Brent A. Barlow is a former professor of marriage, family and human development at Brigham Young University (BYU).  He is now retired.  He has written several articles and books on topics related to marriage and family.

Books by Barlow include Just for Newlyweds, Twelve Traps in Today's marriages and how to Avoid Them, What Husbands Expect of Wives, Worth Waiting For: Sexual Abstinence Before Marriage and What Wives Expect of Husbands.  He has also written articles on such topics on inter-faith marriage by Mormons.

Barlow is a member of the Church of Jesus Christ of Latter-day Saints.

Barlow has also served as chairman of the Governor's Commission on Marriage in Utah.

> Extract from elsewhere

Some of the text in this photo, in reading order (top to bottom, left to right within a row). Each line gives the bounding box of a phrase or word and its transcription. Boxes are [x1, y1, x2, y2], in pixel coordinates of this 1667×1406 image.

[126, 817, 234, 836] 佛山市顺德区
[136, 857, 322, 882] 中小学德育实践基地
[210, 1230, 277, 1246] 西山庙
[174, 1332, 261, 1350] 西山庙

Barlow received both a BA in Psychology and an MA in Religious Education from BYU.  He earned his Ph.D. in Marriage and Family Relations from Florida State University.  Prior to joining the BYU faculty, Barlow taught at Southern Illinois University and the University of Wisconsin–Stout.

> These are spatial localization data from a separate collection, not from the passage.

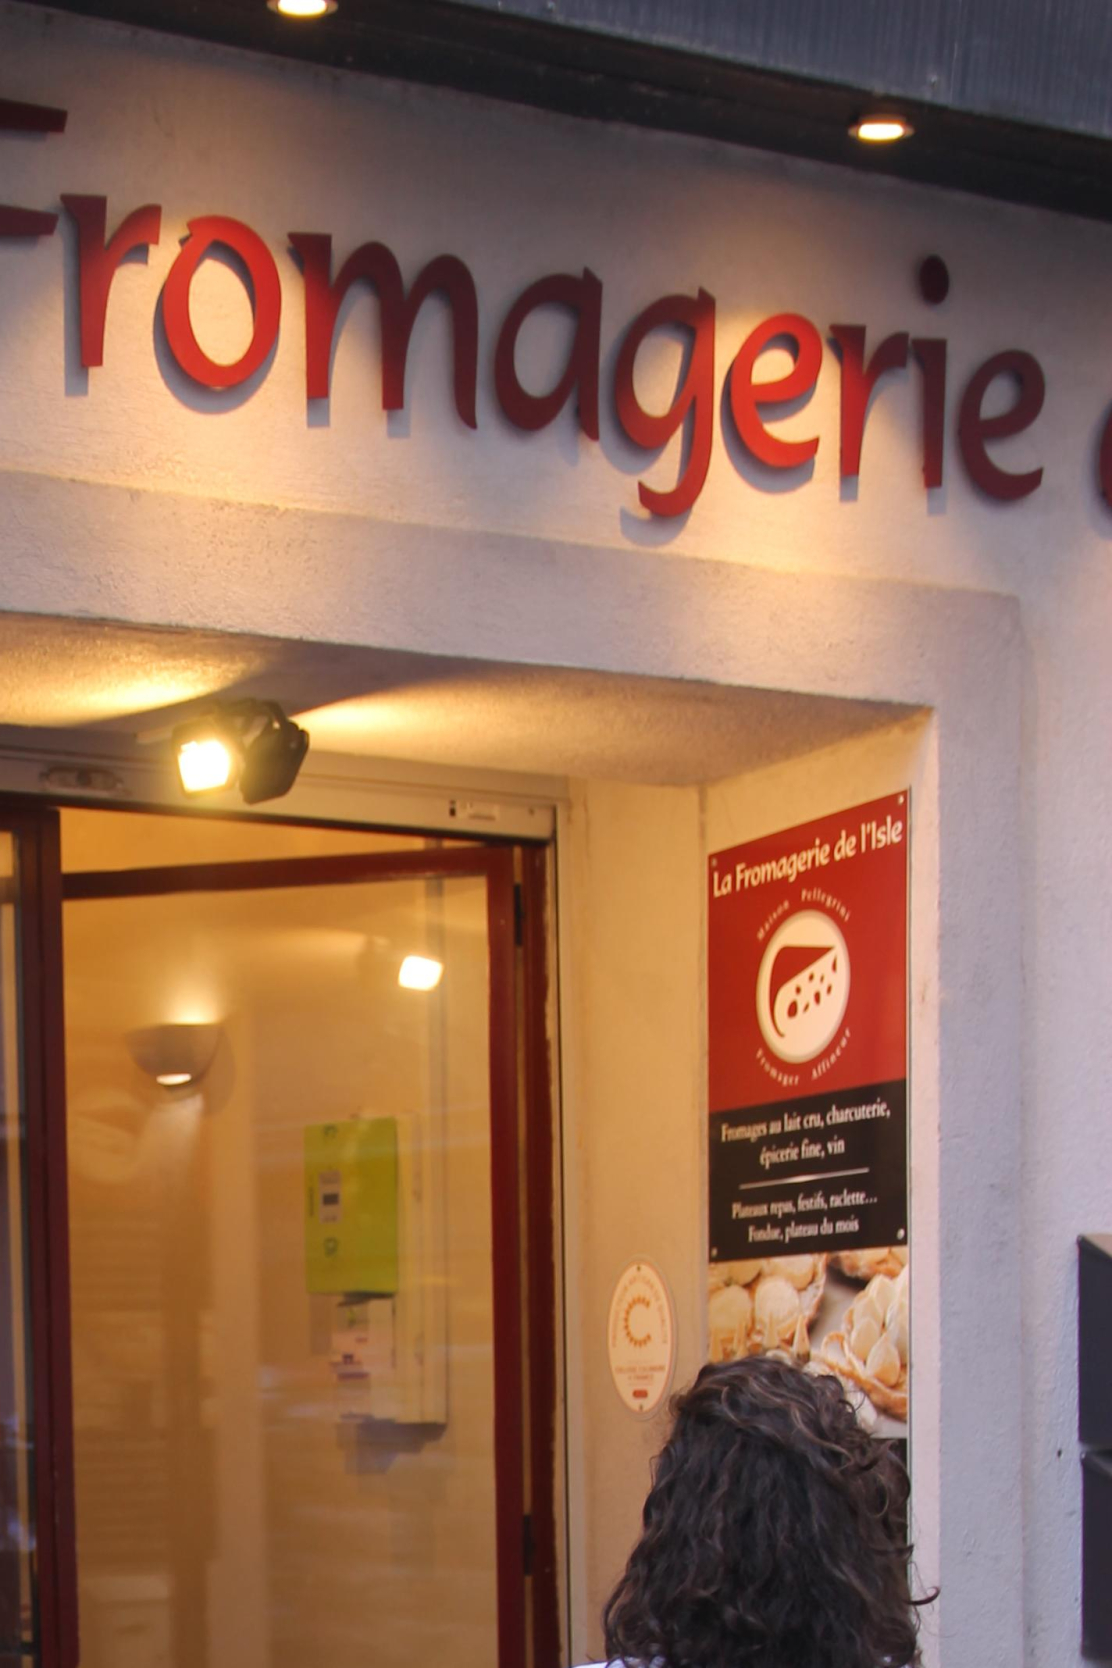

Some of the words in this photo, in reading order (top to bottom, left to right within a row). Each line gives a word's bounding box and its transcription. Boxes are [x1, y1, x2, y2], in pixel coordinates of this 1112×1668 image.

[713, 871, 732, 898] La
[735, 837, 831, 883] Fromagerie
[833, 829, 857, 862] de
[860, 815, 904, 853] l'Isle
[801, 886, 851, 923] Pellegrini
[756, 1047, 799, 1088] Fromager
[811, 1026, 851, 1081] Affineur
[721, 1120, 768, 1143] Fromages
[769, 1119, 782, 1135] au
[783, 1112, 801, 1133] lait
[802, 1112, 825, 1130] cru,
[826, 1097, 891, 1126] charcuterie,
[759, 1140, 799, 1170] épicerie
[800, 1137, 825, 1160] fine,
[827, 1134, 846, 1155] vin
[731, 1201, 768, 1220] Plateaux
[769, 1199, 797, 1219] repas,
[796, 1189, 828, 1214] festifs,
[748, 1222, 784, 1243] Fondue,
[785, 1220, 819, 1244] plateau
[819, 1216, 835, 1236] du
[835, 1214, 860, 1234] mois

Barlow's masters thesis was on the history of the Church of Jesus Christ of Latter-day Saints in Ireland from 1840 on.  He wrote the article "The Irish Experience" in V. Ben Bloxham, et al., ed., Truth Will Prevail: The Rise of The Church of Jesus Christ of Latter-day Saints in the British Isles, 1837-1987 (Cambridge University Press, 1987).

References

Further reading
Article by Barlow on divorce rates
BYU faculty bio page
Article on his wedding anniversary

Latter Day Saints from Utah
Brigham Young University alumni
Brigham Young University faculty
Florida State University alumni
Living people
Southern Illinois University faculty
Latter Day Saints from Florida
Latter Day Saints from Illinois
Latter Day Saints from Wisconsin
Year of birth missing (living people)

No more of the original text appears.